Maxim Topaz, PhD, RN, is Associate Professor, Columbia University School of Nursing, New York City, New York. Kyungmi Woo, PhD, RN, CCM, is Postdoctoral Scientist, Columbia University School of Nursing, New York City, New York. Miriam Ryvicker, PhD, is Senior Researcher, Center for Home Care Policy & Research, Visiting Nurse Service of New York, New York City. Maryam Zolnoori, PhD, is Postdoctoral Scientist, Columbia University School of Nursing, New York City, New York. Kenrick Cato, PhD, RN, FAAN, is Assistant Professor, Columbia University School of Nursing, New York City, New York.

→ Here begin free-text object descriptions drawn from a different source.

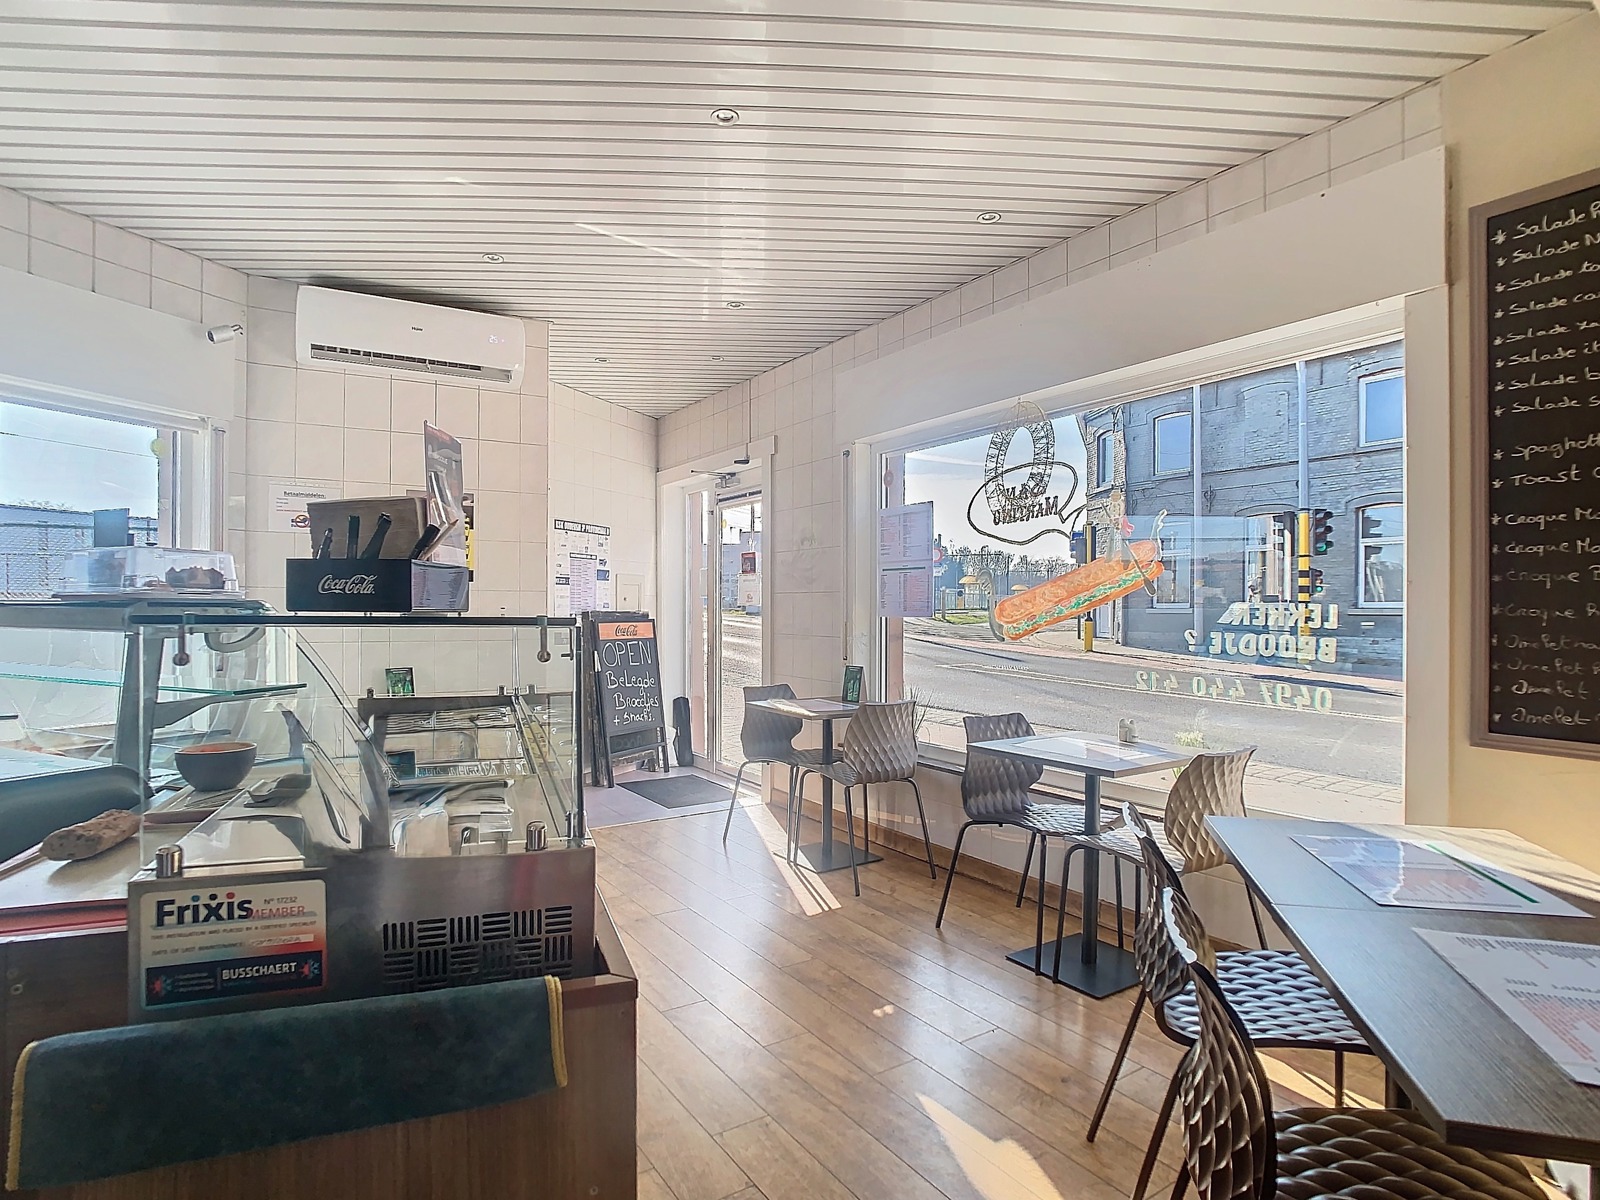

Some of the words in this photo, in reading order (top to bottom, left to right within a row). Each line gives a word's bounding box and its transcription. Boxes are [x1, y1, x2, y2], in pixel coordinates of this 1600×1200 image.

[1511, 208, 1586, 240] Salade
[1511, 240, 1580, 264] Salade
[1506, 269, 1574, 292] Salade
[1508, 296, 1568, 315] Salade
[1505, 324, 1572, 343] Salade
[1507, 346, 1577, 366] Salade
[1507, 372, 1579, 390] Salade
[1511, 395, 1582, 413] Salade
[1509, 463, 1582, 487] Toast
[1504, 513, 1568, 531] Croque
[1504, 540, 1571, 557] Croque
[1506, 568, 1580, 590] Croque
[1504, 602, 1577, 627] Croque
[602, 640, 653, 668] OPEN
[155, 892, 254, 928] Frixis
[250, 905, 306, 919] MEMBER
[221, 961, 298, 981] BUSSCHAERT

Nurs Res. 2020 Nov/Dec;69(6):448-454. doi: 10.1097/NNR.0000000000000470.
About 30% of home healthcare patients are hospitalized or visit an emergency department (ED) during a home healthcare (HHC) episode. Novel data science methods are increasingly used to improve identification of patients at risk for negative outcomes.
The aim of the study was to identify patients at heightened risk hospitalization or ED visits using HHC narrative data (clinical notes).
This study used a large database of HHC visit notes (n = 727,676) documented for 112,237 HHC episodes (89,459 unique patients) by clinicians of the largest nonprofit HHC agency in the United States. Text mining and machine learning algorithms (Naïve Bayes, decision tree, random forest) were implemented to predict patient hospitalization or ED visits using the content of clinical notes. Risk factors associated with hospitalization or ED visits were identified using a feature selection technique (gain ratio attribute evaluation).
Best performing text mining method (random forest) achieved good predictive performance. Seven risk factors categories were identified, with clinical factors, coordination/communication, and service use being the most frequent categories.
This study was the first to explore the potential contribution of HHC clinical notes to identifying patients at risk for hospitalization or an ED visit. Our results suggest that HHC visit notes are highly informative and can contribute significantly to identification of patients at risk. Further studies are needed to explore ways to improve risk prediction by adding more data elements from additional data sources.
大约 30%的家庭保健患者在家庭保健(HHC)期间住院或前往急诊部(ED)。新颖的数据科学方法越来越多地用于改善对负面结果风险患者的识别。
本研究旨在使用 HHC 叙述数据(临床记录)识别有住院或 ED 就诊风险的患者。
本研究使用了美国最大的非营利性 HHC 机构的临床医生记录的大量 HHC 就诊记录数据库(n=727676),这些记录与 112237 个 HHC 病例(89459 个独特患者)相关。文本挖掘和机器学习算法(朴素贝叶斯、决策树、随机森林)被用于使用临床记录的内容预测患者的住院或 ED 就诊。使用特征选择技术(增益比属性评估)确定与住院或 ED 就诊相关的风险因素。
表现最佳的文本挖掘方法(随机森林)实现了良好的预测性能。确定了七个风险因素类别,其中临床因素、协调/沟通和服务使用是最常见的类别。
本研究首次探索了 HHC 临床记录对识别有住院或 ED 就诊风险的患者的潜在贡献。我们的结果表明,HHC 就诊记录非常有信息量,可以为识别风险患者做出重大贡献。需要进一步研究以探索通过添加来自其他数据源的更多数据元素来改善风险预测的方法。